If an entry includes an image, drop the image and copy the rest verbatim.

[Entries taken from a collection]
▬▬▬▬▬▬

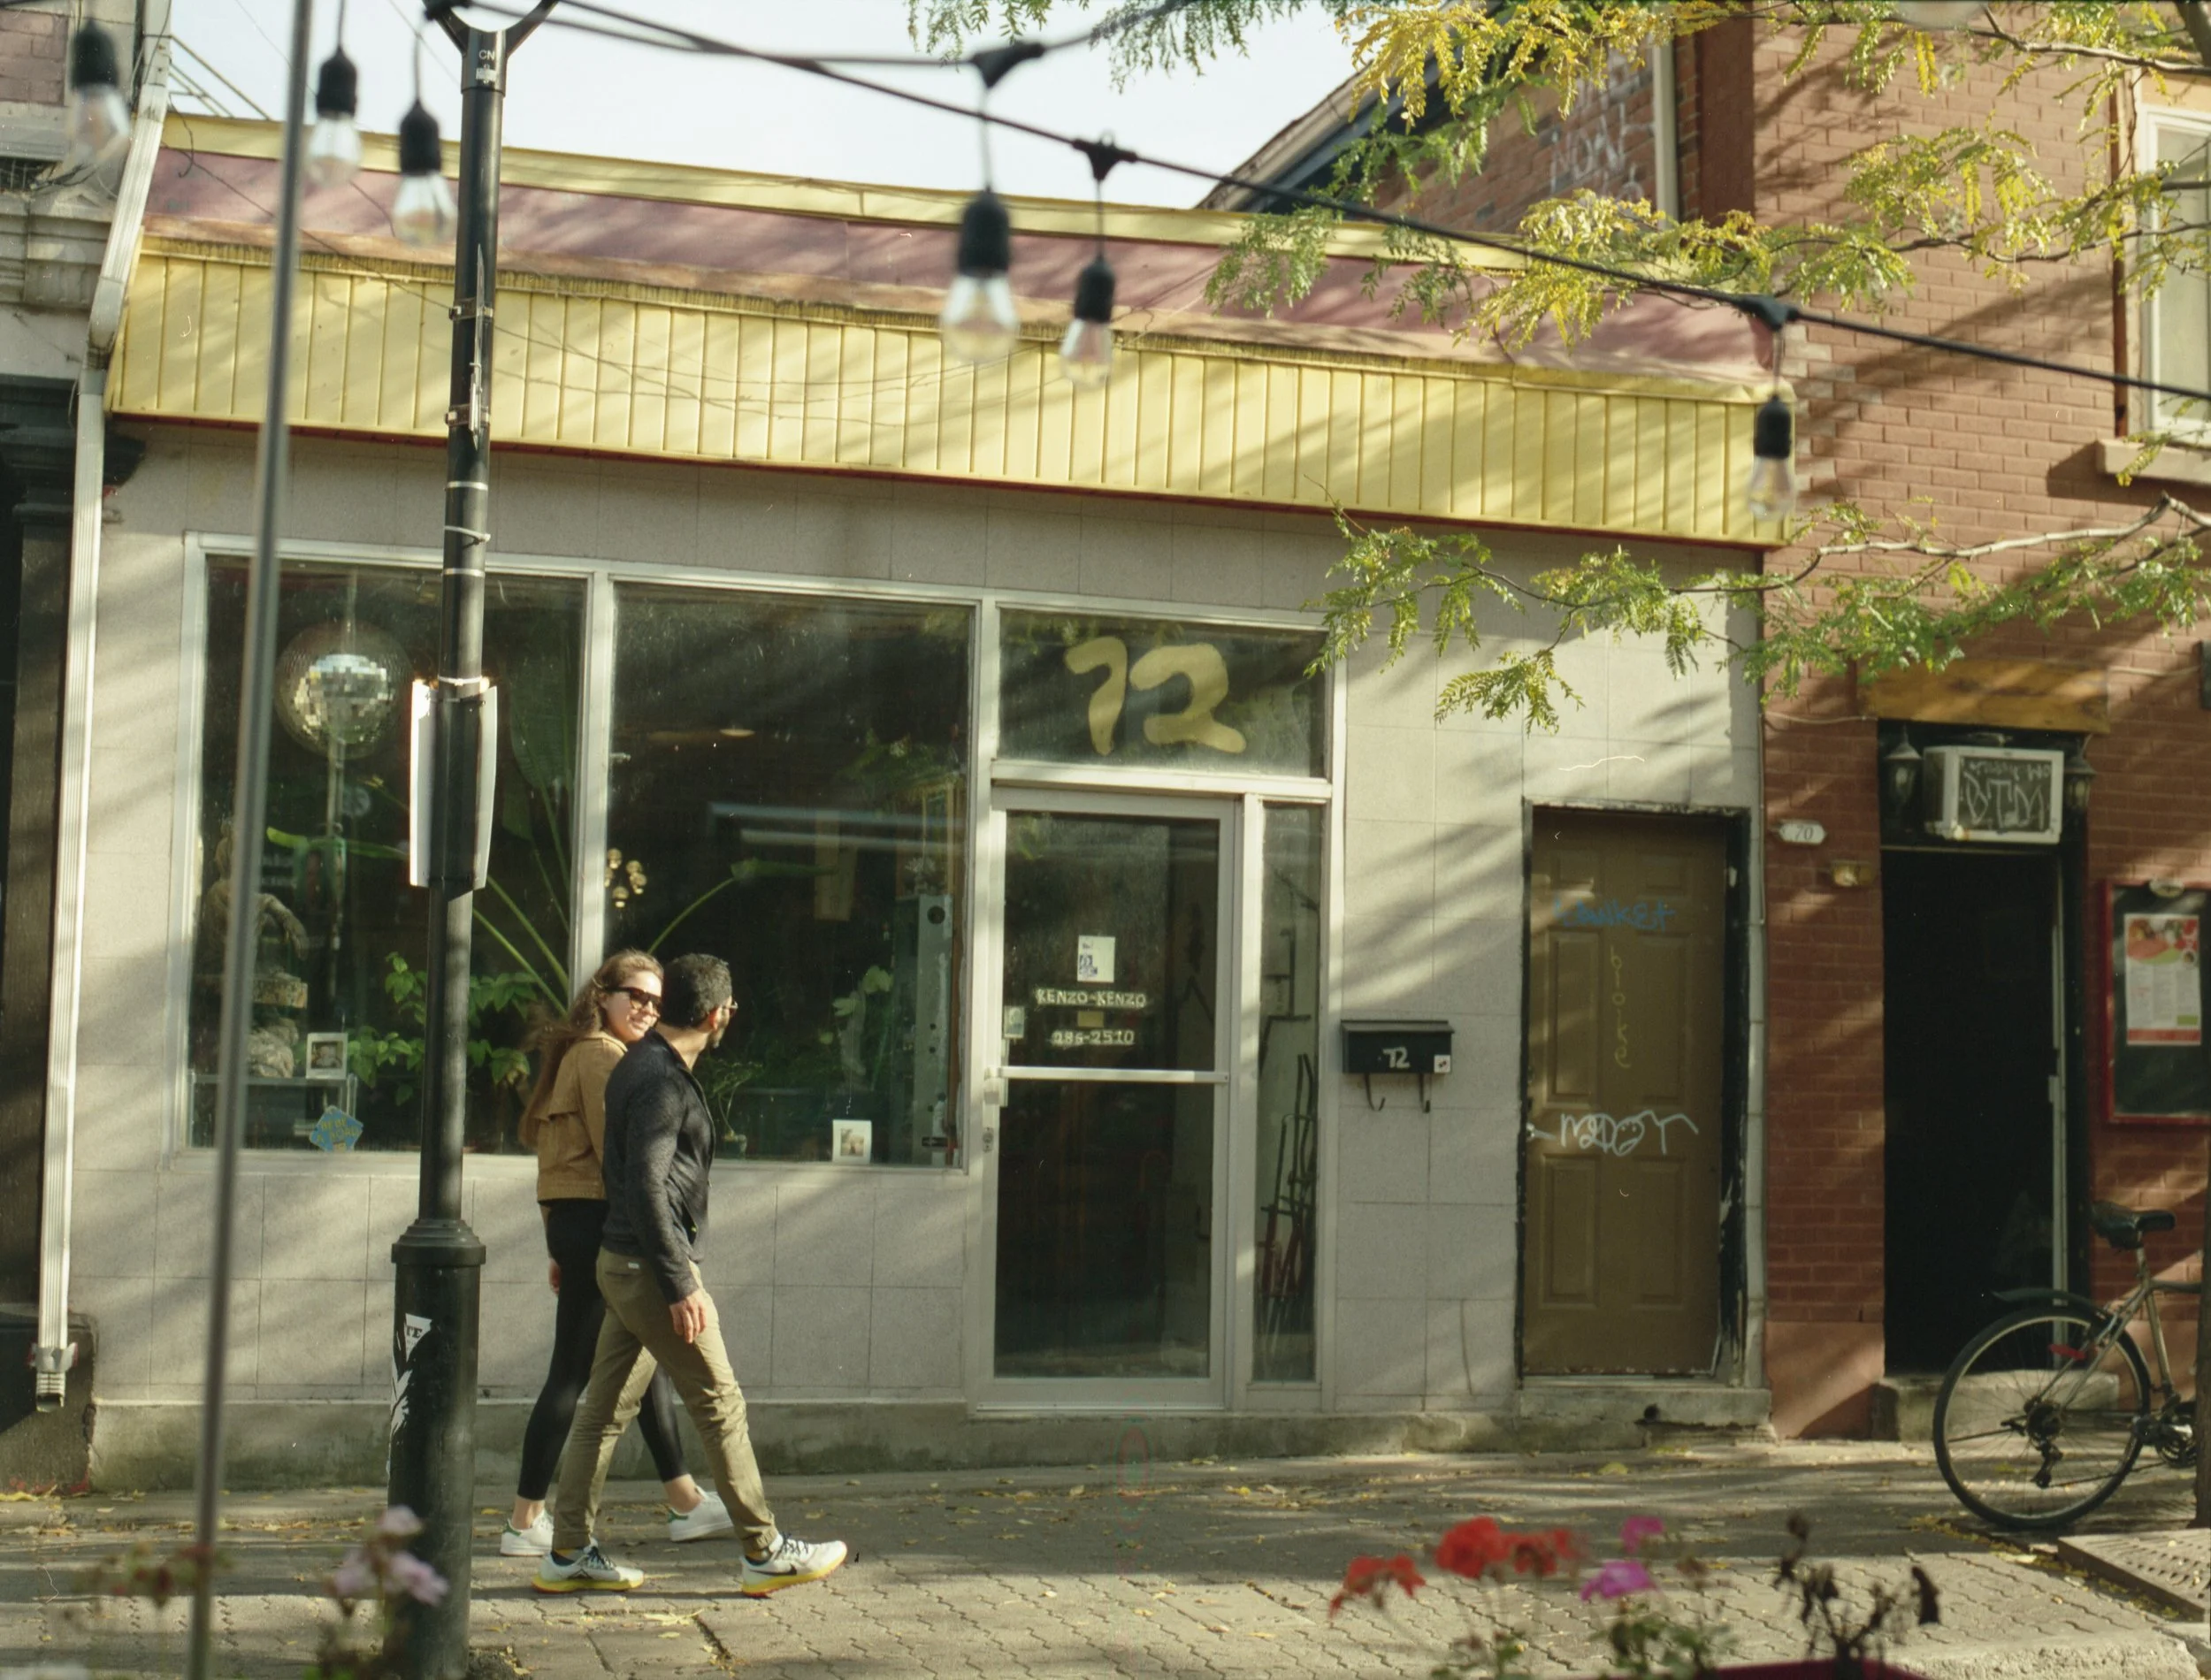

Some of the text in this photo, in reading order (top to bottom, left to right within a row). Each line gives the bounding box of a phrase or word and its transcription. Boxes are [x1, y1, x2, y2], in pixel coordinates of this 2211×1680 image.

[1066, 637, 1246, 756] 72
[1794, 823, 1815, 840] 70
[1036, 988, 1147, 1008] KENZO-KENZO
[1382, 1046, 1411, 1068] 72
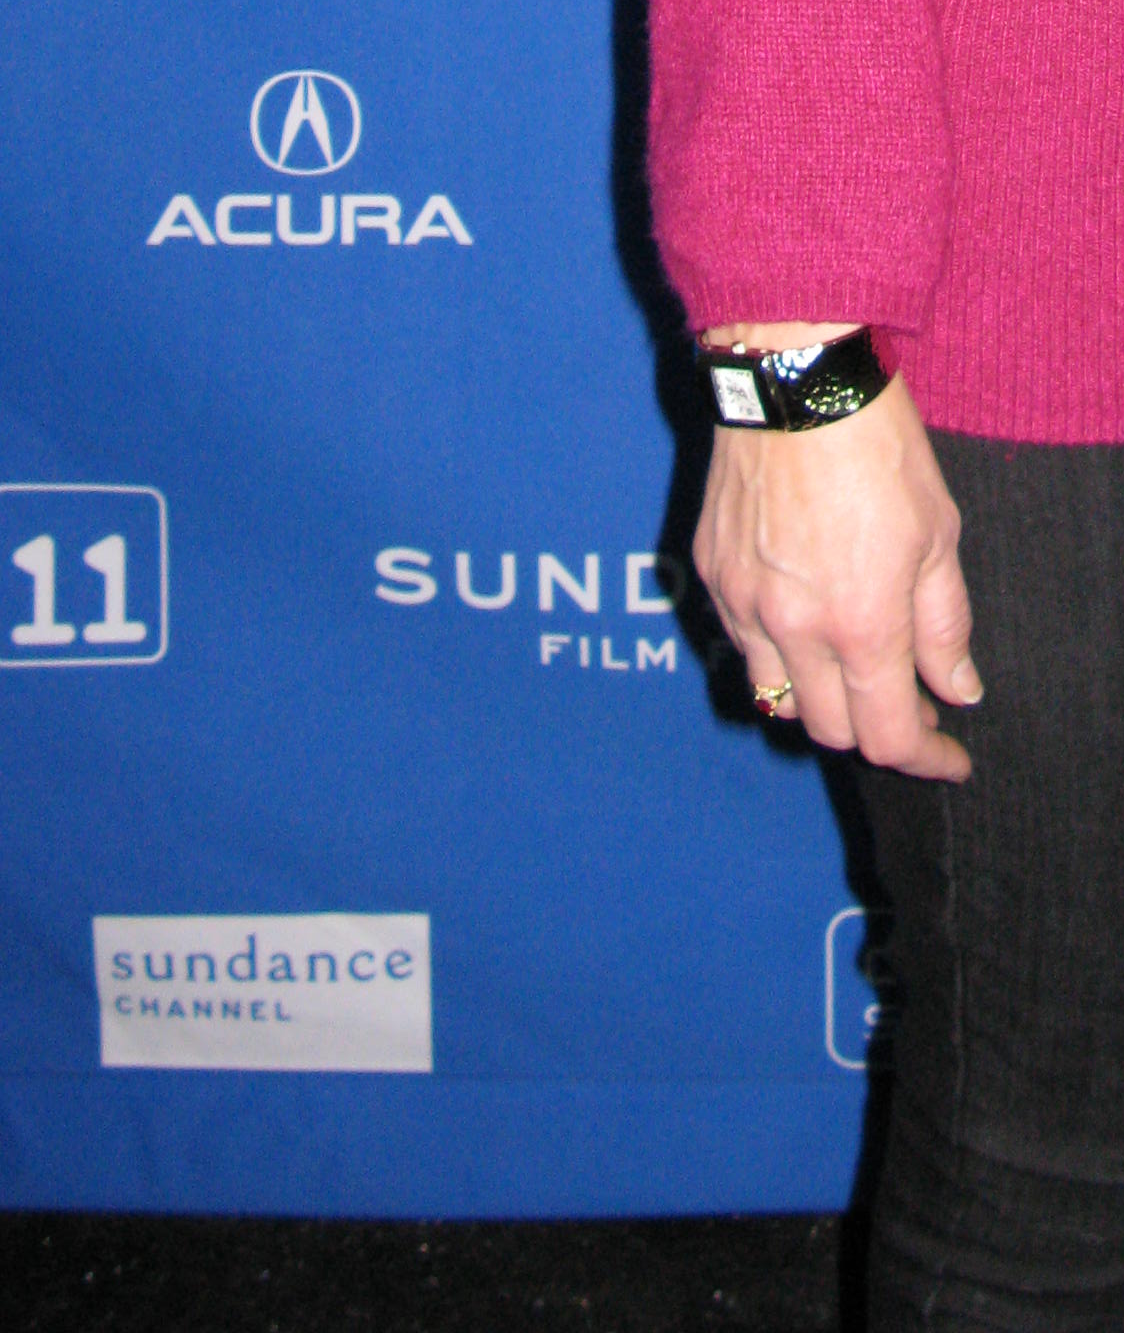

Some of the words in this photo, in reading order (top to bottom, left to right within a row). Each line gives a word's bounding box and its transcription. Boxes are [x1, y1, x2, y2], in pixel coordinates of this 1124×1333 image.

[146, 194, 473, 245] ACURA
[12, 535, 147, 645] 11
[541, 635, 676, 672] FILM
[111, 932, 413, 984] sundance
[115, 995, 292, 1023] CHANNEL
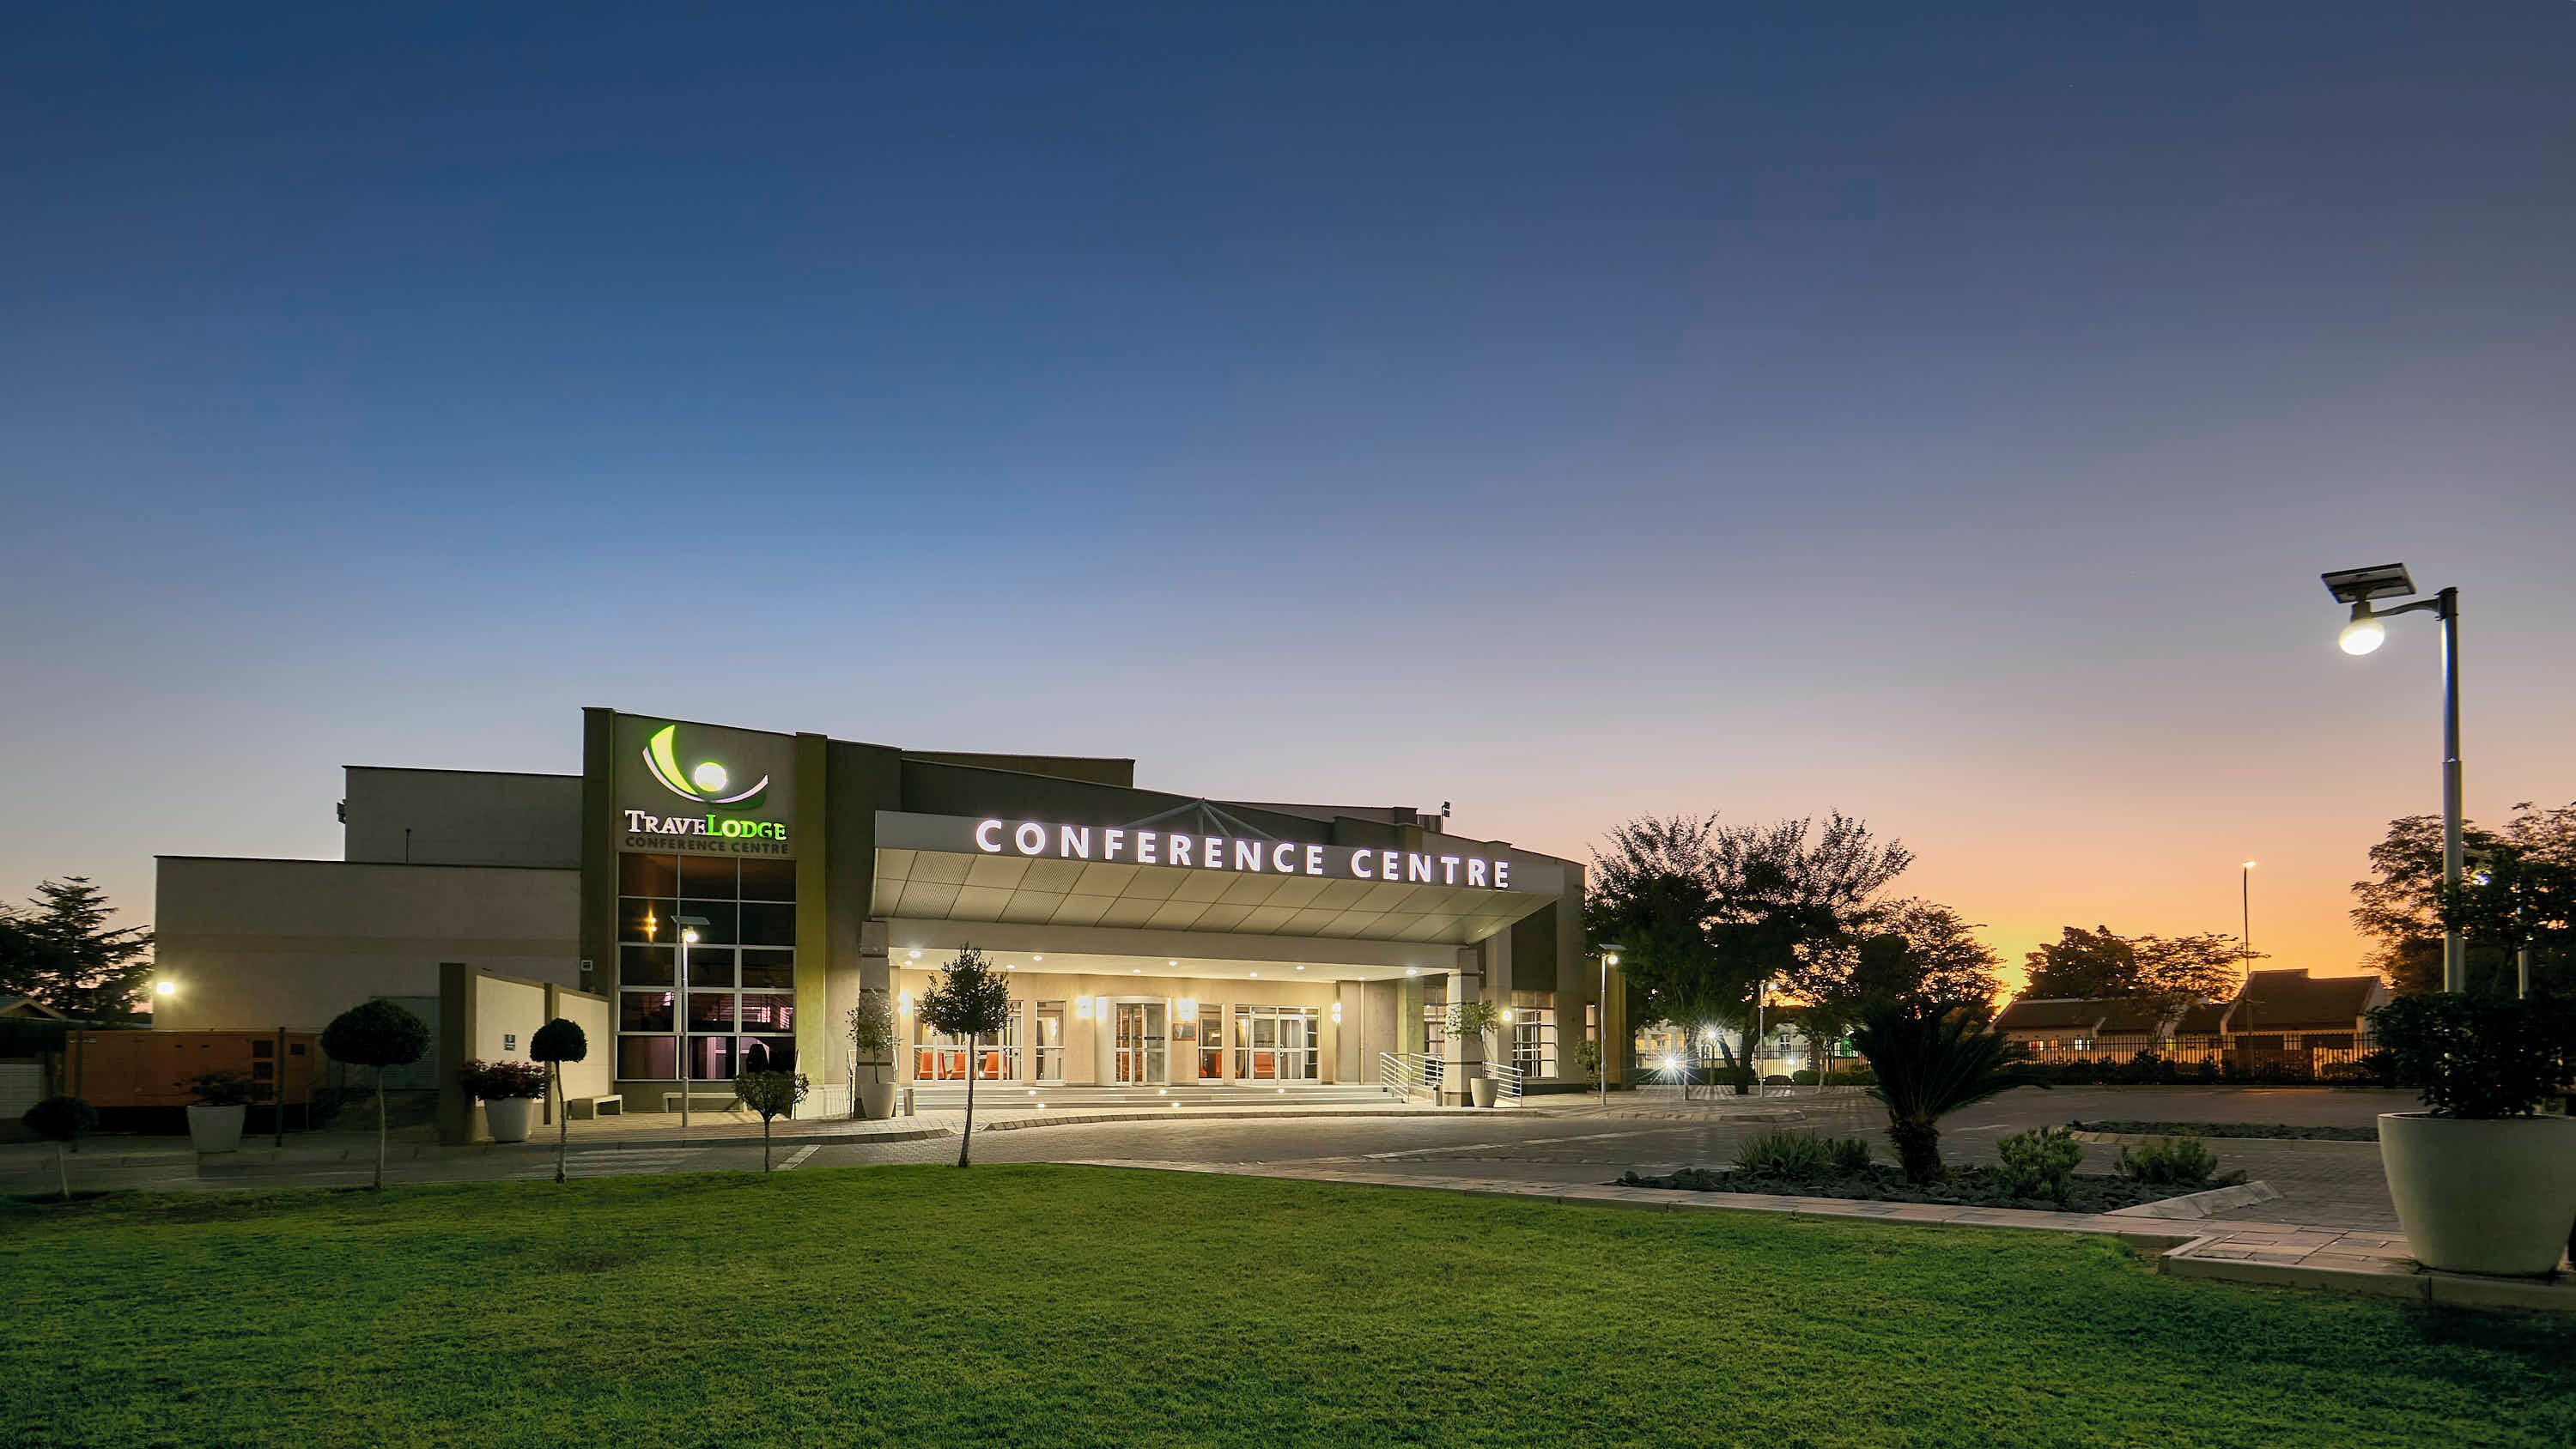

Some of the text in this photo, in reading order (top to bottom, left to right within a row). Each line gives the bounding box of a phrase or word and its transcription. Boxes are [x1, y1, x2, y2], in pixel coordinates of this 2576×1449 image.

[624, 809, 787, 840] TRAVELODGE
[625, 836, 789, 855] CONFERENCE CENTRE
[975, 819, 1509, 888] CONFERENCE CENTRE

▬▬▬▬▬▬

**SOLUTION TO THE PROBLEM**
Some of the text in this photo, in reading order (top to bottom, left to right within a row). Each line gives the bounding box of a phrase or word and its transcription. Boxes are [x1, y1, x2, y2], in pixel coordinates of this 2211×1680 image.

[1066, 637, 1246, 756] 72
[1794, 823, 1815, 840] 70
[1036, 988, 1147, 1008] KENZO-KENZO
[1382, 1046, 1411, 1068] 72

Some of the words in this photo, in reading order (top to bottom, left to right within a row). Each line gives a word's bounding box and its transcription. Boxes are [x1, y1, x2, y2], in pixel coordinates of this 1124×1333 image.

[146, 194, 473, 245] ACURA
[12, 535, 147, 645] 11
[541, 635, 676, 672] FILM
[111, 932, 413, 984] sundance
[115, 995, 292, 1023] CHANNEL

Some of the text in this photo, in reading order (top to bottom, left to right within a row). Each line gives the bounding box of a phrase or word and its transcription. Boxes are [x1, y1, x2, y2], in pixel coordinates of this 2576×1449 image.

[624, 809, 787, 840] TRAVELODGE
[625, 836, 789, 855] CONFERENCE CENTRE
[975, 819, 1509, 888] CONFERENCE CENTRE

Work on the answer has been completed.